Re:The REAL crime here (Score:5, Insightful)
well maybe not that free, but they certainly do run a racket. It's basically an international Collusion [wikipedia.org] or Price Fixing [wikipedia.org].
Basically the long distance phone racket is a global Price Fix. Though they don't have any way to combat voip and the increasing options such as skype and telephones tied to cable modems. (we have those here in town... one cable modem provides your house with cable tv, internet, and phone service) Though the phone service I think is still using traditional long distance, but that may change. I suppose it's possible they're working hard behind to scenes to try to keep such digital phone service reliant on their "land lines", even though the calls would be going over the same fibers either way. Kinda funny how the same bits are being priced vastly differently, isn't it?
I can sell you this nail for two cents. Or would you prefer one of my high-tensile-strength wood adhesion devices for a quarter?
Re:The REAL crime here (Score:5, Interesting)
Point to point personal VoIP can be pretty free.
But then there's the cost of the Internet connection. There's a capex cost of the home router you use, and the cost of the power it uses as well as your 'phone' device, whatever that might be.
The ISP then has a last mile capital cost, to run a cable to your place or deliver a wireless signal that you can use.
Then there's the interconnect equipment that's used on the backhaul, landline gateway interconnect costs (capex and opex), the rent for the building, the power, the people, their benefits, the diesel generator if you're lucky. Then there are the returns paid to the people that invested in all of that; taxpayers in some realms, stockholders in others.

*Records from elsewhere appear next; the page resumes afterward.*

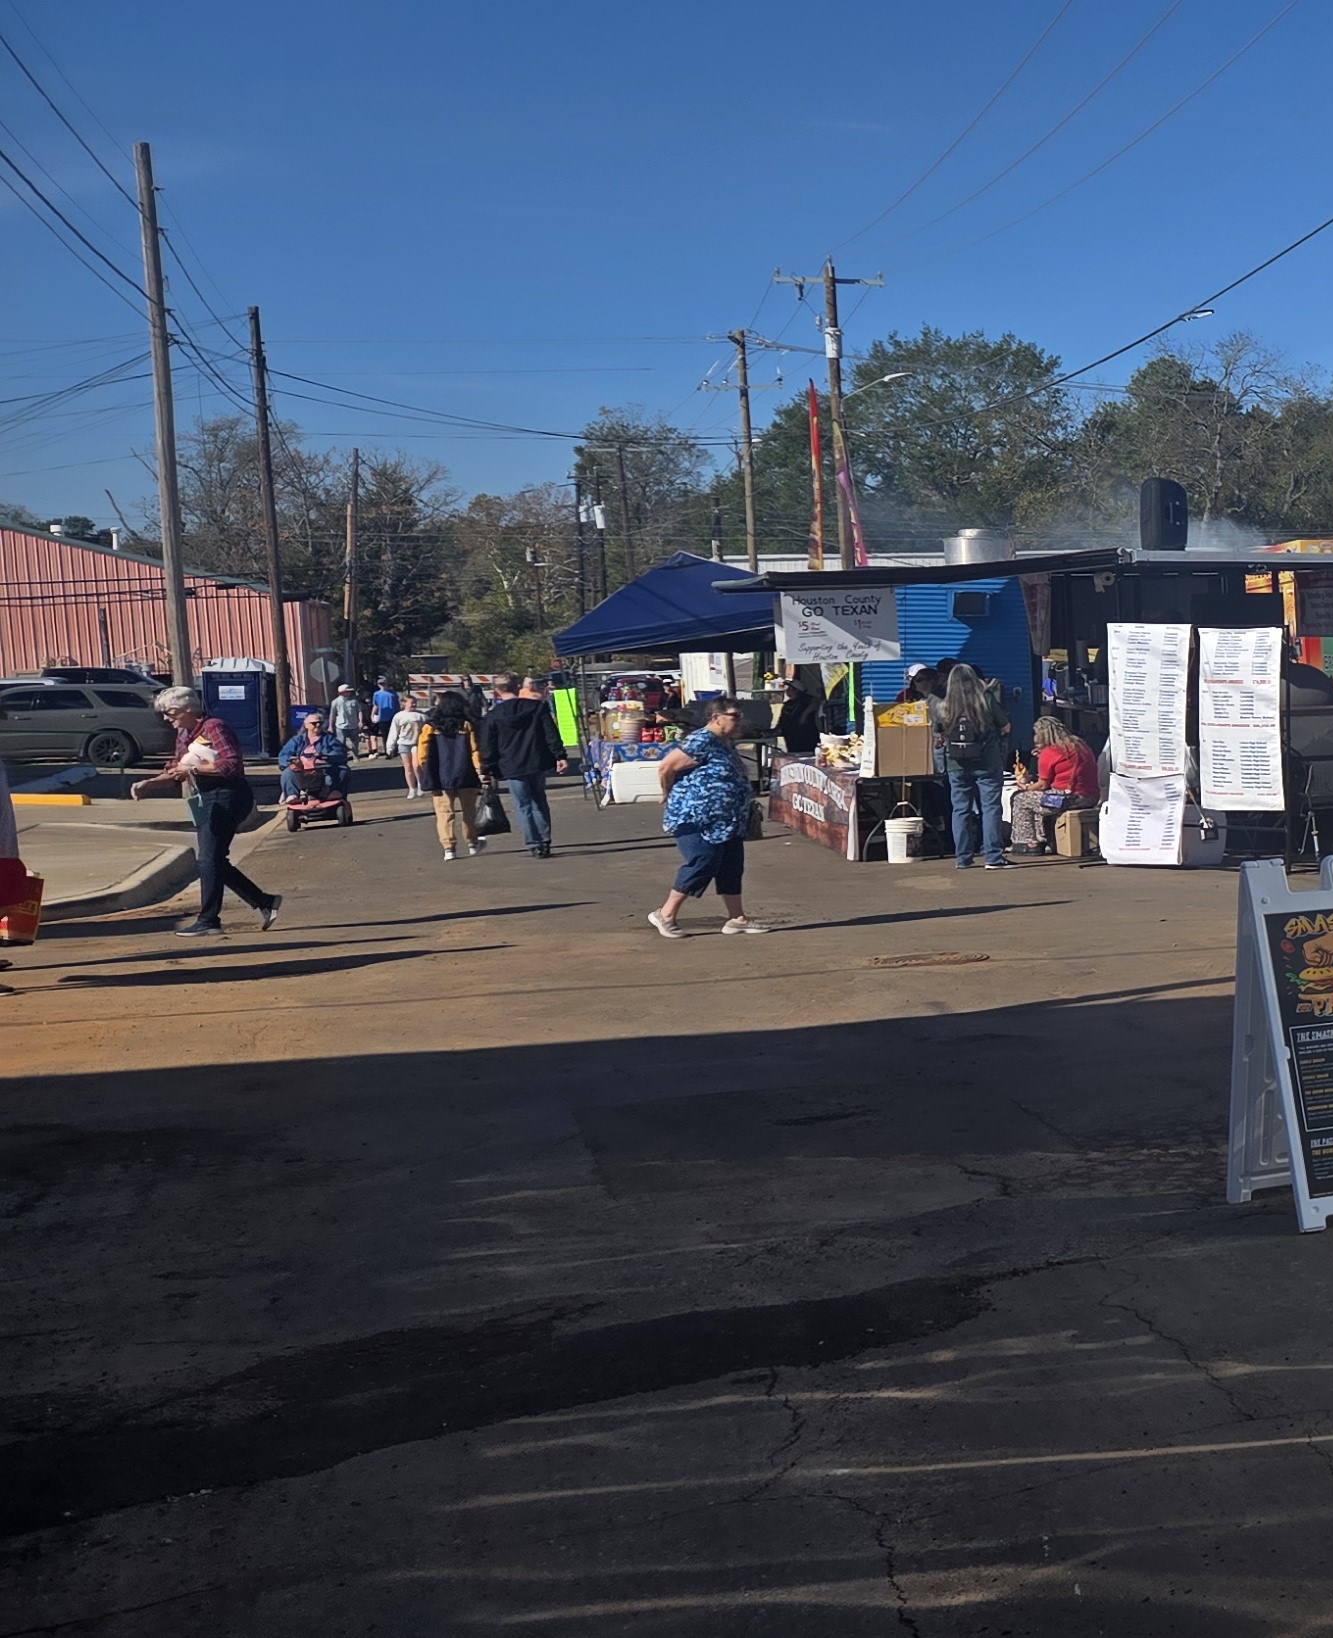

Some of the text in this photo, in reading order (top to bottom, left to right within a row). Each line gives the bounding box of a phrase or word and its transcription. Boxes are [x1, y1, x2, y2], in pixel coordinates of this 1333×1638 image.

[792, 594, 881, 606] Houston County
[802, 605, 878, 617] GO TEXAN
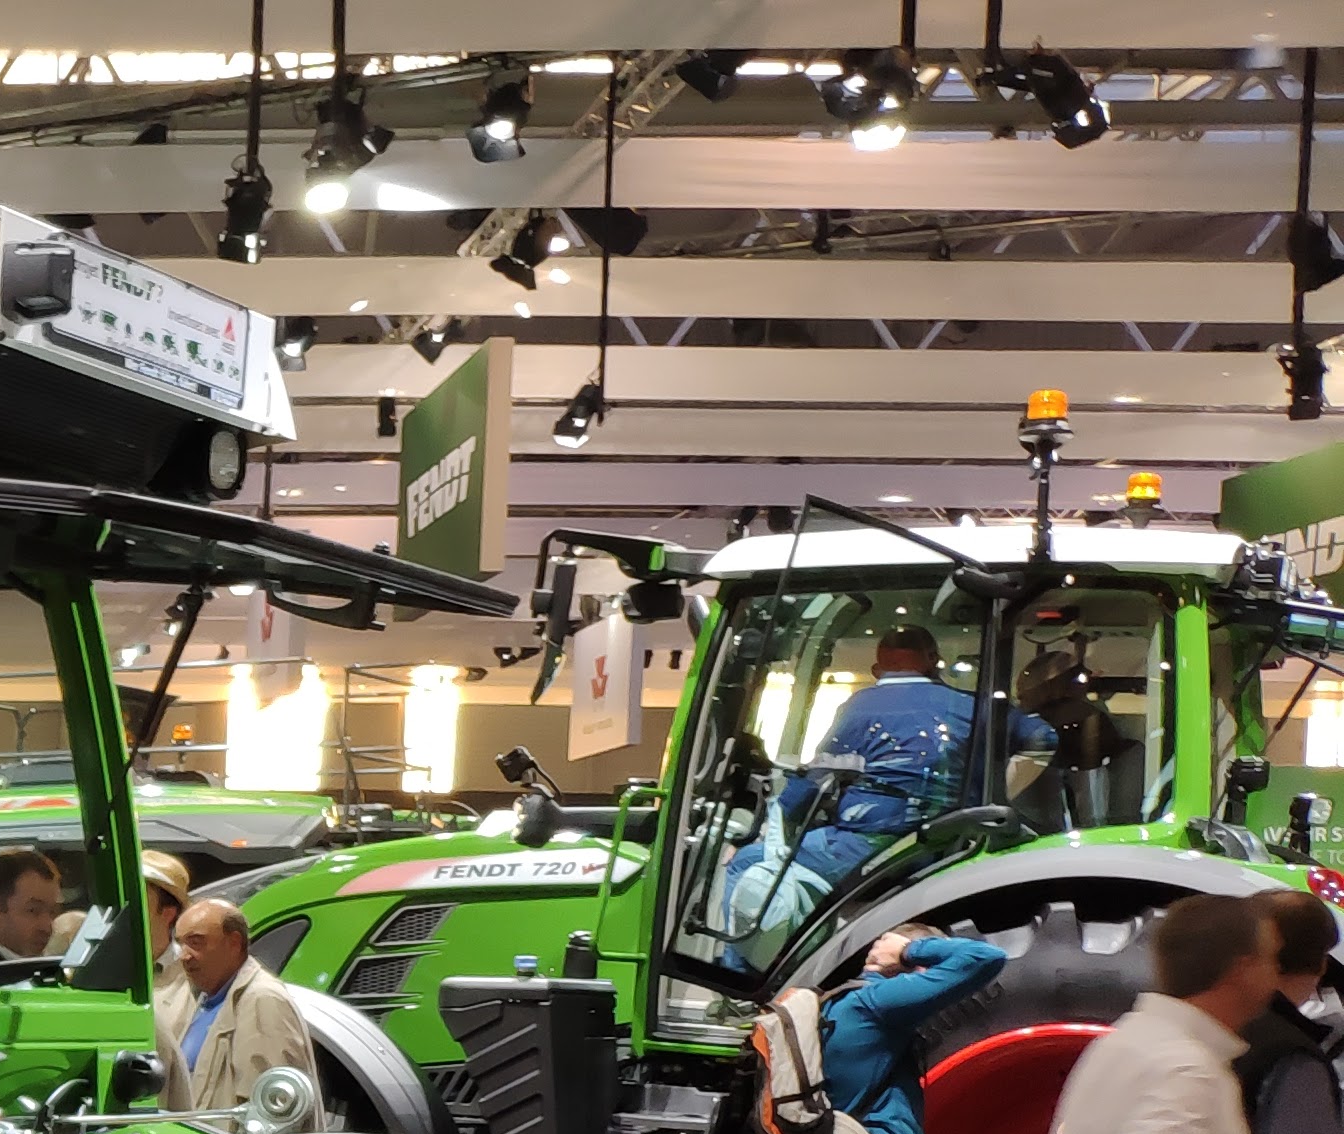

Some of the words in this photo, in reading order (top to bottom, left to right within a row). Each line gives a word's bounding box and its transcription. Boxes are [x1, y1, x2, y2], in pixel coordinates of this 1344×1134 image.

[406, 435, 477, 539] FENDT
[433, 862, 522, 880] FENDT
[532, 861, 577, 877] 720
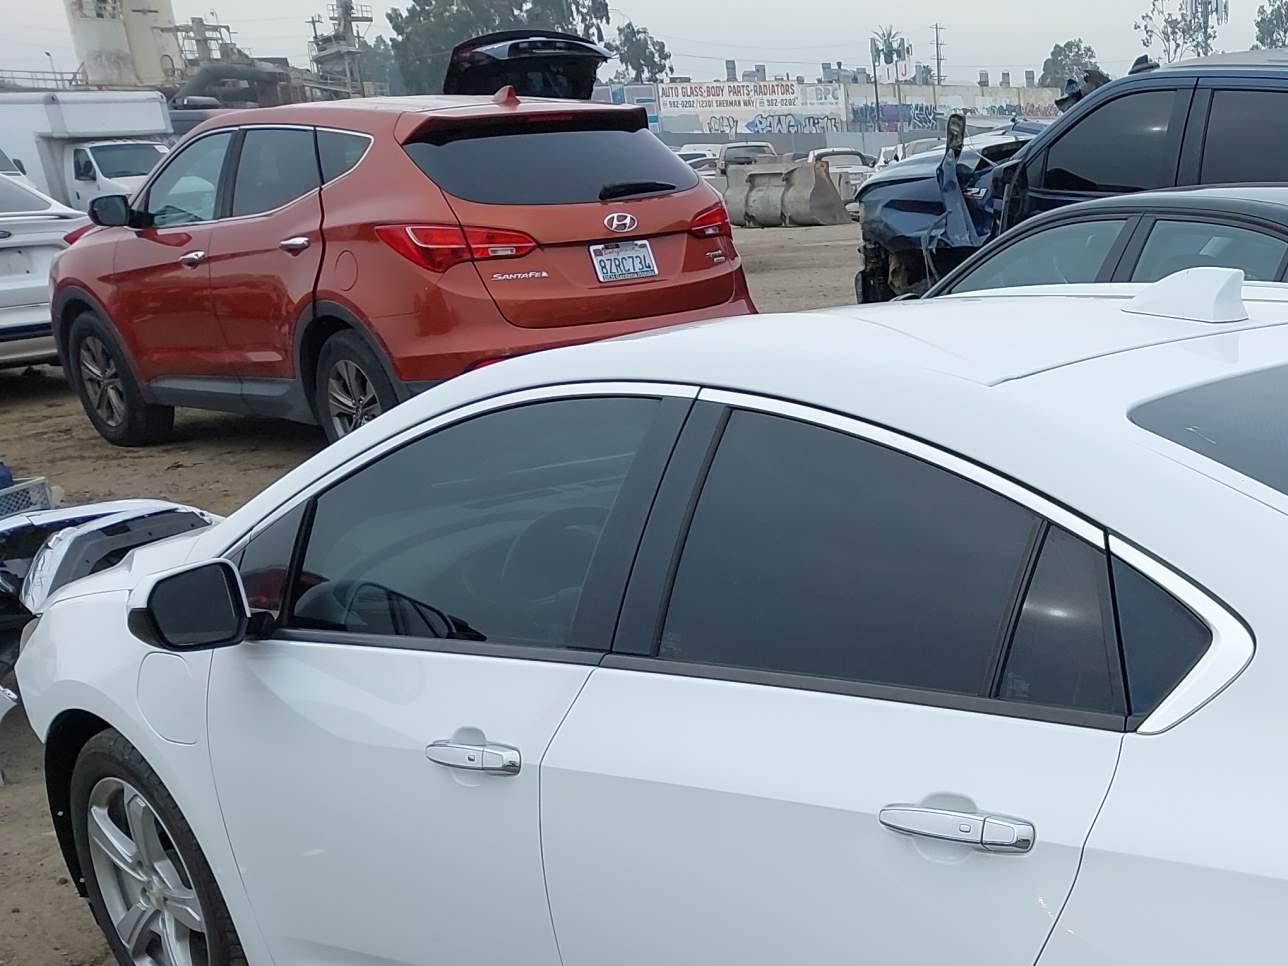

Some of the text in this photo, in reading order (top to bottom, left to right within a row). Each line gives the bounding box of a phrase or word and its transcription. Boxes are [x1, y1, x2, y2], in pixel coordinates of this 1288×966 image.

[661, 86, 679, 98] AUTO
[715, 99, 742, 108] SHERMAN
[743, 99, 754, 107] WAY
[599, 254, 652, 275] 8ZRC734
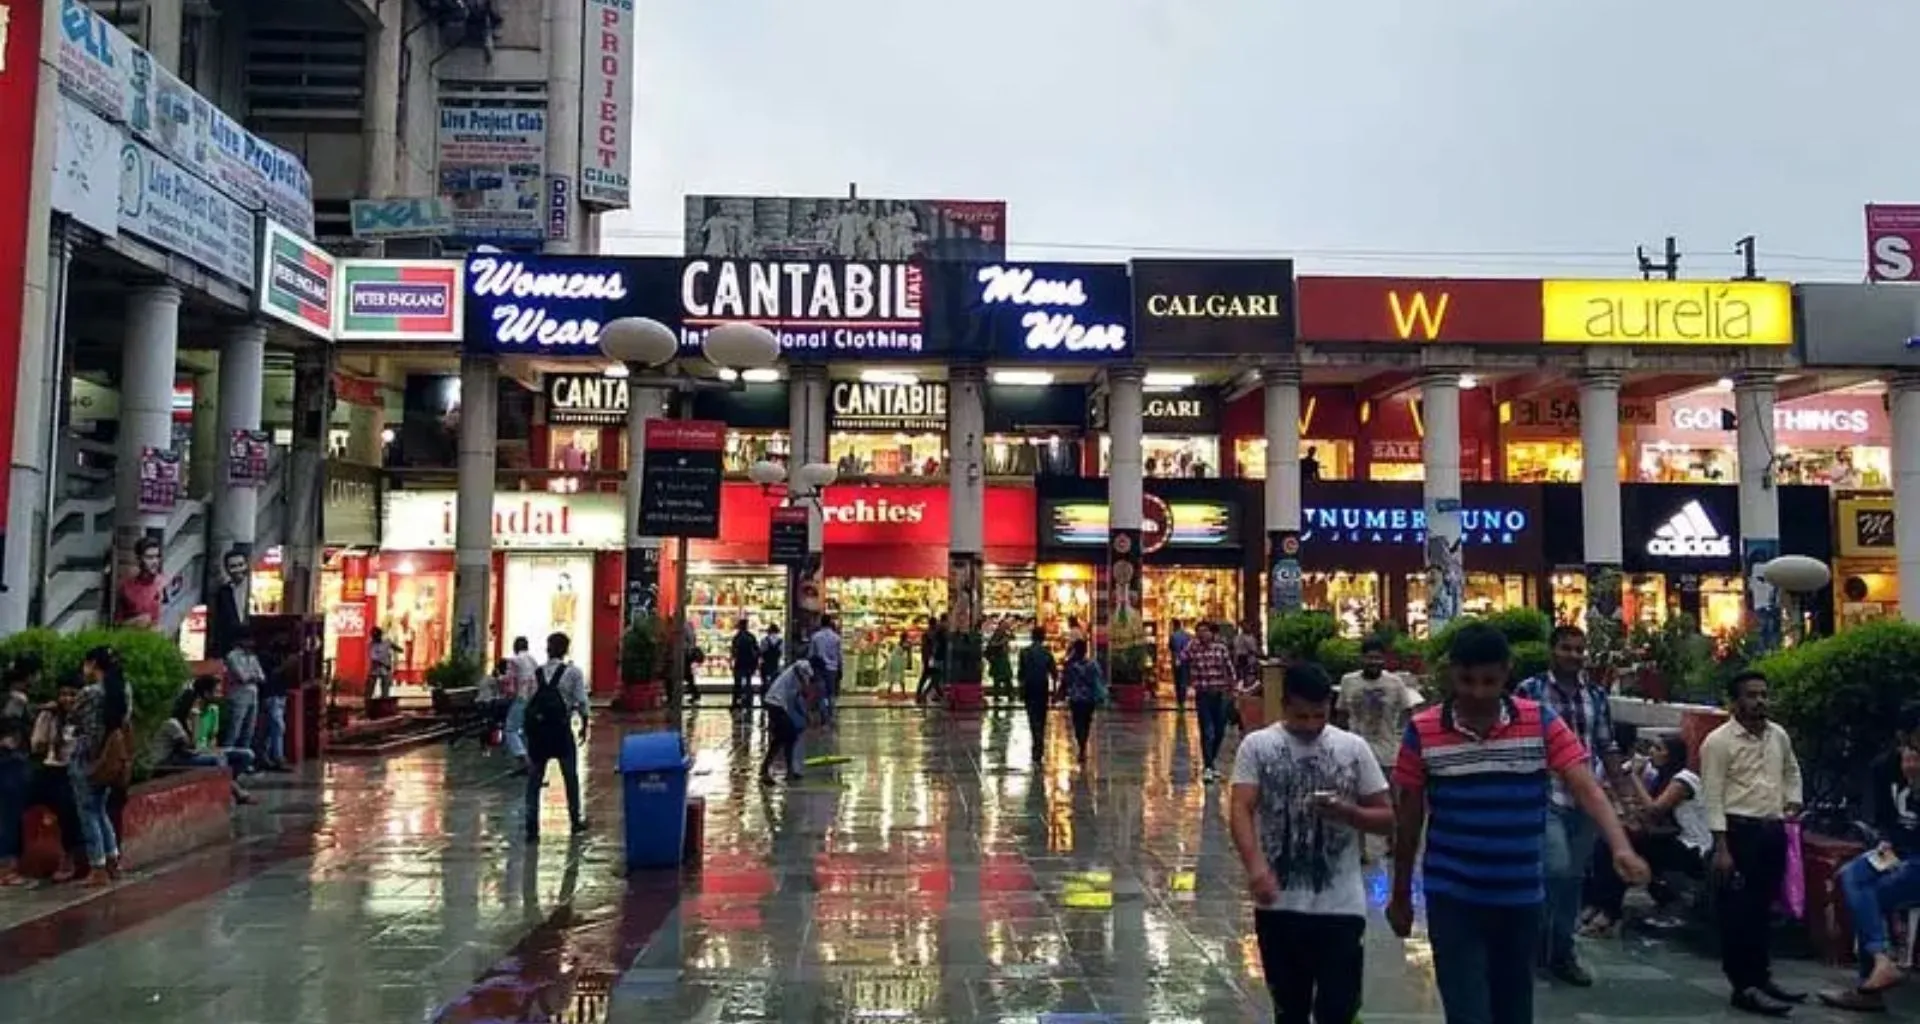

Then there are the costs associated with upstream routing. Maybe there's a SIP server with its incumbent costs, support, programmers, power, and so on.
The Internet isn't free. Phone costs aren't free. Each has a cost.
But what happened in the TFA is that people exploited SIP security and found a way to make people's toll avoidance become a nightmare for them. Not free. Not at all.
Re:The REAL crime here (Score:5, Interesting)
Did you forget to mention that the exact same networks that are used to router phone calls are the exact same networks that are used to route internet traffic?
You can dress up the costs of this that and the other and make a "phone bill" look quite justified, but if those costs were really justified, then the cost of access to the internet would be simply astronomical. It isn't.
Telco profits are higher than ever before and they are, of course, enjoying it. They aren't resting, though... oh no... they are still looking for new and novel ways to screw customers over. As for me? I'm way too savvy to play their game. Sadly, I am among the 0.001% who are... so everyone else gets hosed.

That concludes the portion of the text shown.